**Task item**. Make an exact copy of the records below, excluding images.

**Given information**.
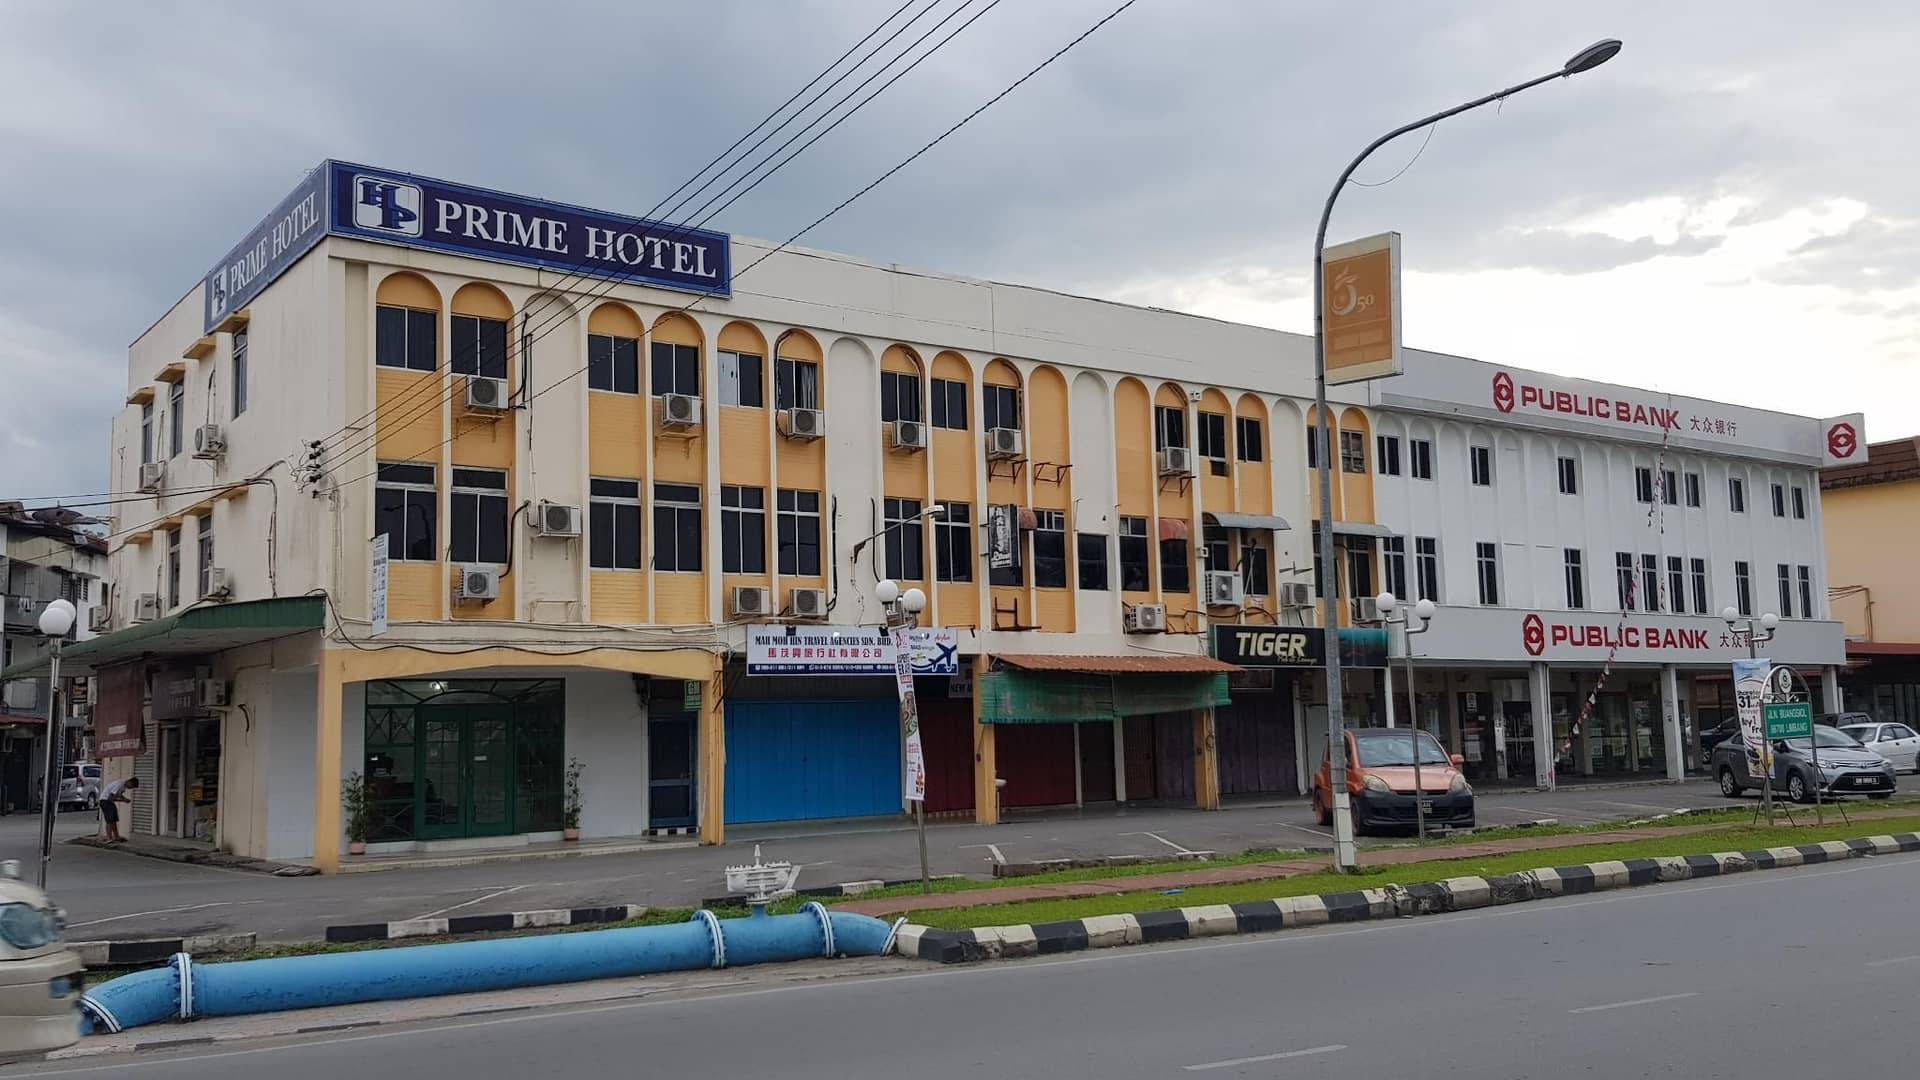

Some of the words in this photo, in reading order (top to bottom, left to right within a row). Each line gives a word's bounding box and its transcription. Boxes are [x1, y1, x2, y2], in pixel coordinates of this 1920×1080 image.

[230, 237, 268, 297] PRIME
[271, 192, 319, 260] HOTEL
[435, 198, 569, 254] PRIME
[585, 226, 717, 278] HOTEL
[1521, 385, 1611, 418] PUBLIC
[1615, 401, 1682, 431] BANK
[1690, 415, 1737, 437] 大众银行
[755, 635, 771, 645] MAH
[772, 635, 788, 645] MOH
[804, 636, 828, 645] TRAVEL
[829, 636, 860, 646] AGENCIES
[861, 637, 876, 646] SDN.
[877, 637, 893, 646] BHD.
[1235, 632, 1307, 657] TIGER
[1551, 625, 1640, 648] PUBLIC
[1645, 628, 1710, 649] BANK
[1738, 695, 1751, 708] 31
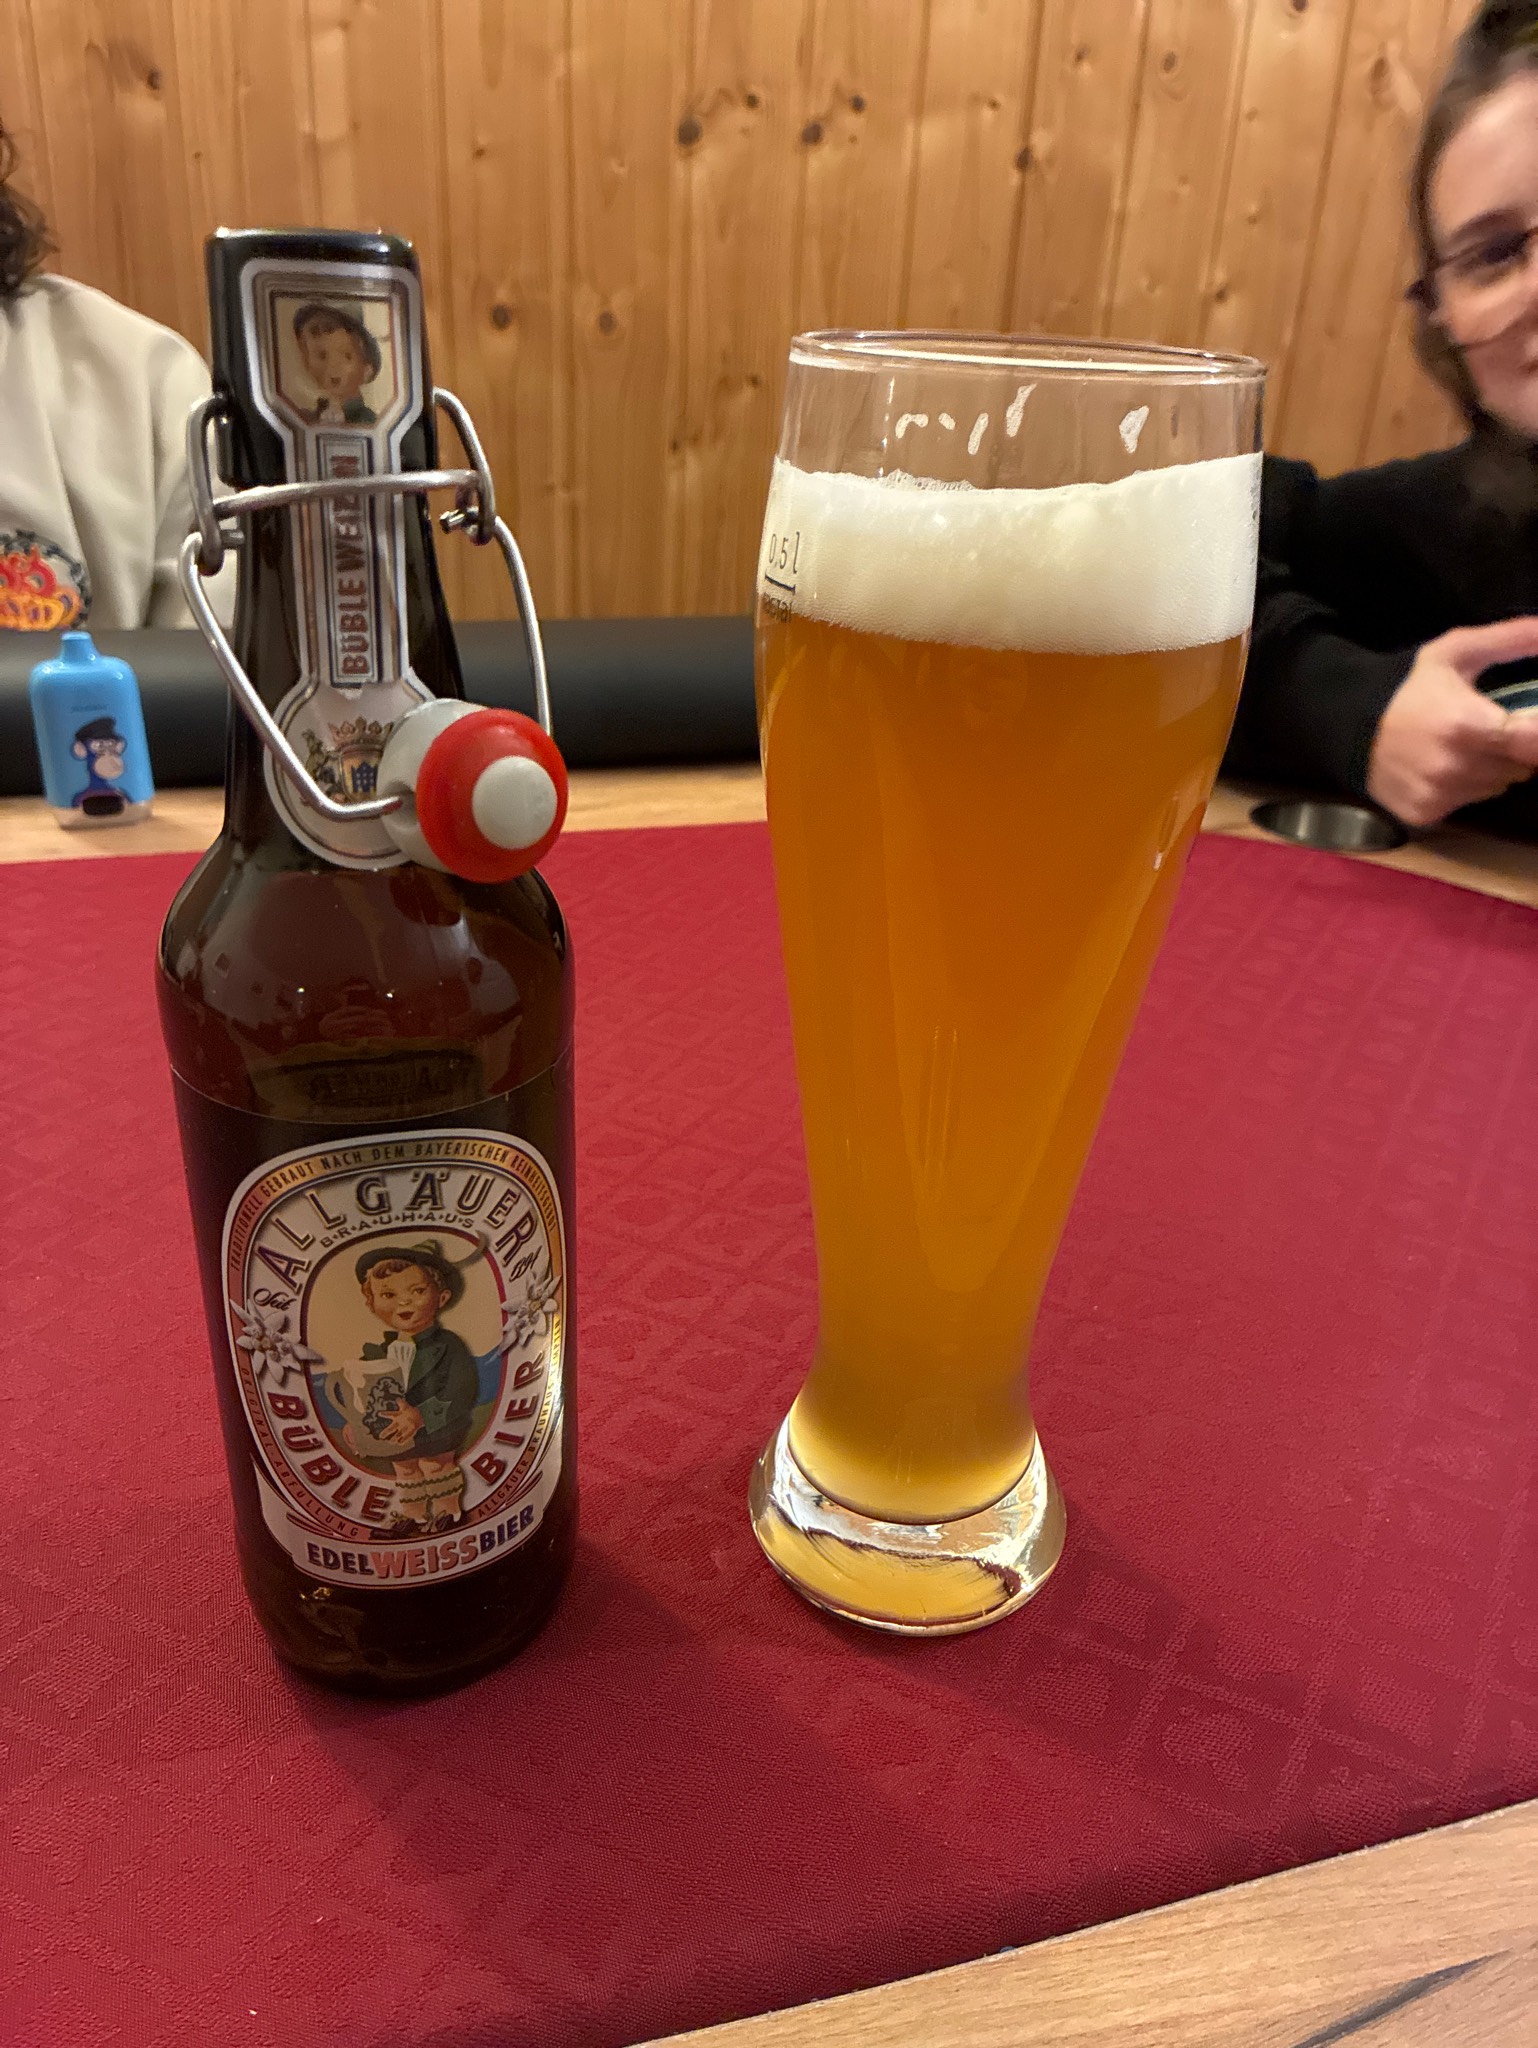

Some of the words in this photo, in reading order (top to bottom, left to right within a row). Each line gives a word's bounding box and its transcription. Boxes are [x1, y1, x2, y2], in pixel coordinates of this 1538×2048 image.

[331, 455, 366, 573] WEIZN
[338, 578, 371, 675] BÜBLE
[230, 1193, 263, 1272] TRADITIONELL
[260, 1161, 315, 1198] GEBRAUT
[320, 1151, 363, 1170] NACH
[372, 1146, 406, 1161] DEM
[415, 1142, 511, 1164] BAYERISCHEN
[510, 1153, 557, 1232] REINHEITSGEBOT
[255, 1169, 538, 1294] ALLGÄUER
[253, 1287, 298, 1312] Seit
[267, 1391, 394, 1521] BÜBLE
[471, 1350, 545, 1486] BIER
[528, 1383, 555, 1453] BRAUHAUS
[306, 1504, 535, 1579] EDELWEISSBIER

**Result of the task**.
Some of the words in this photo, in reading order (top to bottom, left to right within a row). Each line gives a word's bounding box and its transcription. Boxes are [x1, y1, x2, y2], in pixel coordinates of this 1920×1080 image.

[230, 237, 268, 297] PRIME
[271, 192, 319, 260] HOTEL
[435, 198, 569, 254] PRIME
[585, 226, 717, 278] HOTEL
[1521, 385, 1611, 418] PUBLIC
[1615, 401, 1682, 431] BANK
[1690, 415, 1737, 437] 大众银行
[755, 635, 771, 645] MAH
[772, 635, 788, 645] MOH
[804, 636, 828, 645] TRAVEL
[829, 636, 860, 646] AGENCIES
[861, 637, 876, 646] SDN.
[877, 637, 893, 646] BHD.
[1235, 632, 1307, 657] TIGER
[1551, 625, 1640, 648] PUBLIC
[1645, 628, 1710, 649] BANK
[1738, 695, 1751, 708] 31

Some of the words in this photo, in reading order (top to bottom, left to right within a row). Each line gives a word's bounding box and its transcription. Boxes are [x1, y1, x2, y2], in pixel coordinates of this 1538×2048 image.

[331, 455, 366, 573] WEIZN
[338, 578, 371, 675] BÜBLE
[230, 1193, 263, 1272] TRADITIONELL
[260, 1161, 315, 1198] GEBRAUT
[320, 1151, 363, 1170] NACH
[372, 1146, 406, 1161] DEM
[415, 1142, 511, 1164] BAYERISCHEN
[510, 1153, 557, 1232] REINHEITSGEBOT
[255, 1169, 538, 1294] ALLGÄUER
[253, 1287, 298, 1312] Seit
[267, 1391, 394, 1521] BÜBLE
[471, 1350, 545, 1486] BIER
[528, 1383, 555, 1453] BRAUHAUS
[306, 1504, 535, 1579] EDELWEISSBIER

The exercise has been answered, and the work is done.